Records for the task:
[Start of section]

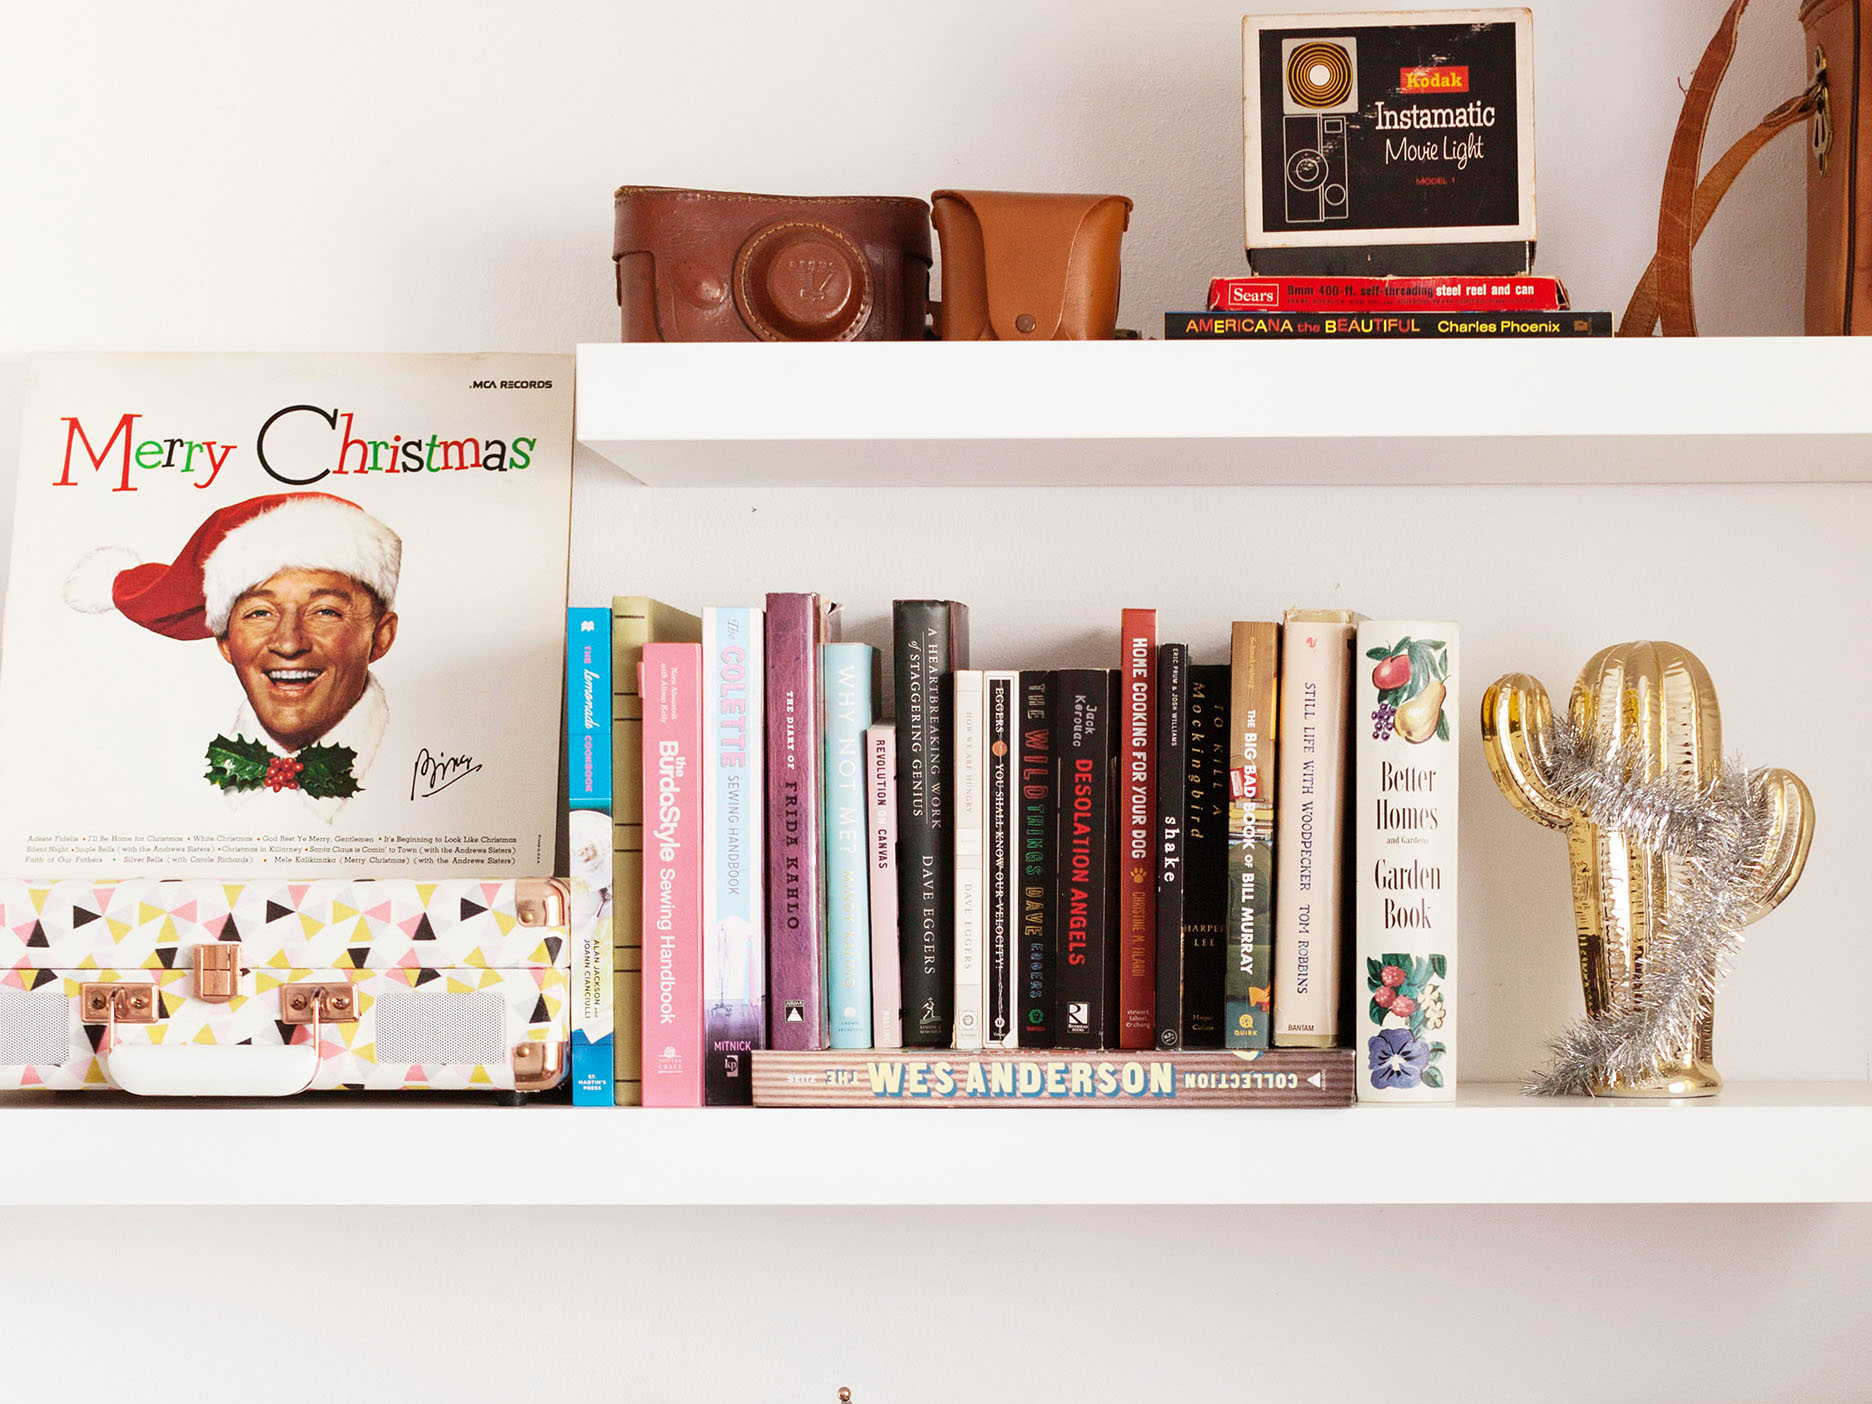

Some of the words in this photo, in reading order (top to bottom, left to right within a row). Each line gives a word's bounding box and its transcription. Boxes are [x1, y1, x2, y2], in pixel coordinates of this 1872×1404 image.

[1406, 72, 1462, 88] Kodak
[1375, 100, 1495, 130] Instamatic
[1385, 136, 1439, 164] Movie
[1443, 132, 1484, 170] Light
[1233, 288, 1274, 302] Sears
[1288, 285, 1314, 296] 8mm
[1361, 284, 1433, 298] self-threading
[1436, 284, 1461, 296] steel
[1466, 284, 1487, 296] reel
[1491, 283, 1510, 295] and
[1515, 285, 1534, 295] can
[1185, 319, 1294, 333] AMERICANA
[1297, 322, 1320, 333] the
[1325, 319, 1420, 333] BEAUTIFUL
[1438, 320, 1496, 333] Charles
[1501, 320, 1560, 333] Phoenix
[473, 380, 497, 389] MCA
[500, 380, 553, 389] RECORDS
[52, 413, 237, 492] Merry
[256, 404, 537, 485] Christmas
[728, 618, 740, 640] The
[908, 640, 921, 652] of
[928, 627, 938, 637] A
[584, 645, 592, 664] THE
[1132, 637, 1148, 679] HOME
[584, 668, 600, 730] lemonade
[720, 646, 746, 768] COLETTE
[837, 665, 856, 722] WHY
[910, 654, 922, 753] STAGGERING
[928, 644, 941, 775] HEARTBREAKING
[995, 687, 1005, 733] EGGERS
[1027, 683, 1046, 720] THE
[1304, 682, 1316, 721] STILL
[787, 717, 795, 751] DIARY
[1072, 694, 1086, 747] Kerouac
[1085, 704, 1098, 735] Jack
[1132, 682, 1148, 747] COOKING
[1214, 704, 1224, 729] TO
[1247, 709, 1256, 728] THE
[1244, 733, 1257, 760] BIG
[1303, 727, 1316, 753] LIFE
[584, 735, 593, 792] COOKBOOK
[675, 757, 686, 778] the
[787, 755, 795, 770] OF
[838, 738, 857, 792] NOT
[876, 739, 887, 806] REVOLUTION
[995, 764, 1005, 790] YOU
[1024, 729, 1050, 800] WILD
[1132, 751, 1147, 783] FOR
[1188, 682, 1205, 839] Mockingbird
[1213, 743, 1224, 790] KILL
[1302, 760, 1315, 795] WITH
[1382, 761, 1437, 792] Better
[653, 741, 681, 862] BurdaStyle
[727, 775, 740, 823] SEWING
[912, 759, 923, 817] GENIUS
[1243, 766, 1257, 798] BAD
[785, 781, 798, 846] FRIDA
[877, 810, 887, 825] ON
[930, 782, 942, 829] WORK
[995, 791, 1005, 831] SHALL
[1072, 759, 1093, 882] DESOLATION
[1131, 786, 1147, 826] YOUR
[1212, 804, 1223, 816] A
[1376, 799, 1438, 830] Homes
[397, 836, 433, 845] Beginning
[839, 807, 857, 854] ME?
[1025, 804, 1045, 876] THINGS
[1131, 829, 1147, 859] DOG
[1242, 802, 1256, 850] BOOK
[1386, 836, 1400, 844] and
[1401, 836, 1429, 845] Gardens
[727, 828, 740, 895] HANDBOOK
[878, 829, 888, 869] CANVAS
[995, 833, 1005, 868] KNOW
[1163, 816, 1180, 883] shake
[1244, 854, 1253, 868] OF
[1300, 801, 1313, 891] WOODPECKER
[786, 857, 799, 929] KAHLO
[922, 856, 934, 900] DAVE
[995, 872, 1005, 898] OUR
[1241, 873, 1255, 903] BILL
[1374, 859, 1441, 890] Garden
[656, 868, 676, 931] Sewing
[1024, 886, 1044, 937] DAVE
[1299, 904, 1311, 934] TOM
[1384, 898, 1432, 929] Book
[923, 908, 935, 975] EGGERS
[1068, 888, 1089, 966] ANGELS
[1240, 907, 1254, 975] MURRAY
[660, 935, 676, 1024] Handbook
[1029, 943, 1044, 999] EGGERS
[1297, 941, 1309, 994] ROBBINS
[714, 1041, 751, 1051] MITNICK
[1288, 1024, 1315, 1032] BANTAM
[824, 1069, 861, 1086] THE
[866, 1062, 958, 1098] WES
[965, 1062, 1176, 1098] ANDERSON
[1183, 1071, 1298, 1089] COLLECTION
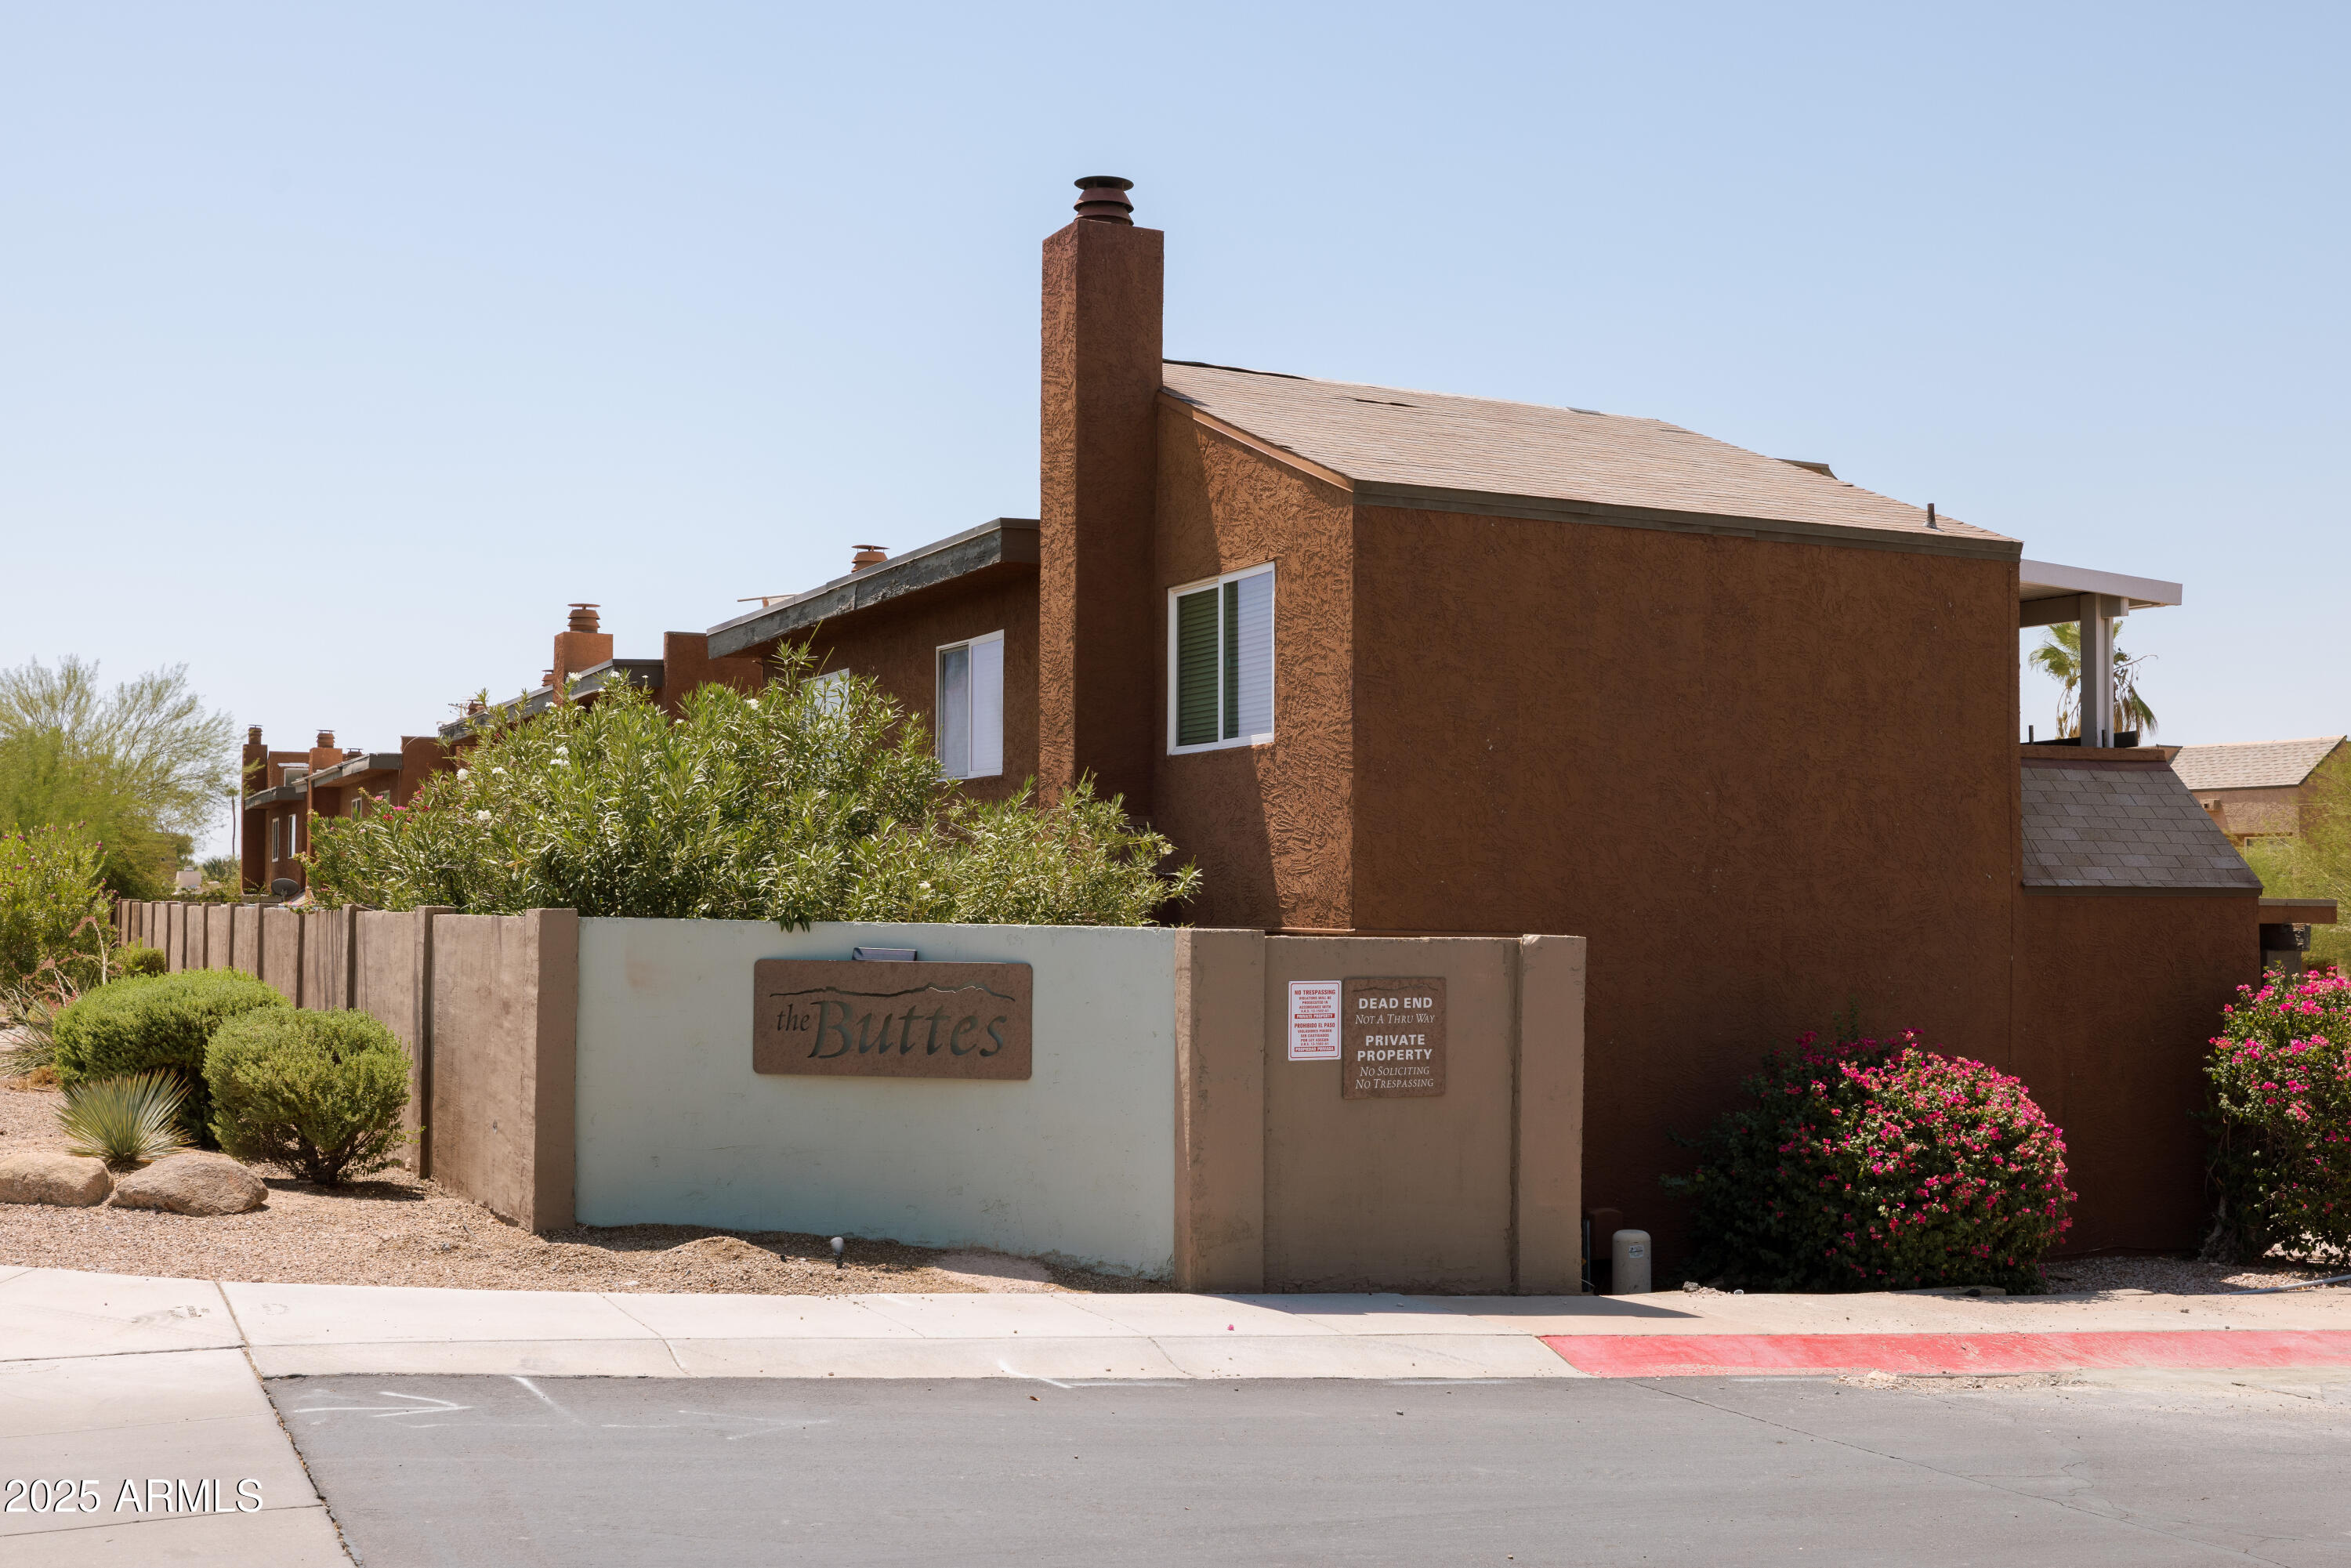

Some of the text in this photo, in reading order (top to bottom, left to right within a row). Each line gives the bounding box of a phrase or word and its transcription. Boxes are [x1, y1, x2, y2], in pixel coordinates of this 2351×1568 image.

[1358, 997, 1433, 1009] DEAD END
[1377, 1014, 1384, 1024] A
[777, 1000, 1007, 1059] the Buttes
[1366, 1034, 1425, 1046] PRIVATE
[1357, 1049, 1433, 1061] PROPERTY

[End of section]

Activity: Wherever the word "this" occurs in the data above, copy the line it sits in.

Answer space:
Some of the words in this photo, in reading order (top to bottom, left to right within a row). Each line gives a word's bounding box and its transcription. Boxes are [x1, y1, x2, y2], in pixel coordinates of this 1872×1404 image.
Some of the text in this photo, in reading order (top to bottom, left to right within a row). Each line gives the bounding box of a phrase or word and its transcription. Boxes are [x1, y1, x2, y2], in pixel coordinates of this 2351×1568 image.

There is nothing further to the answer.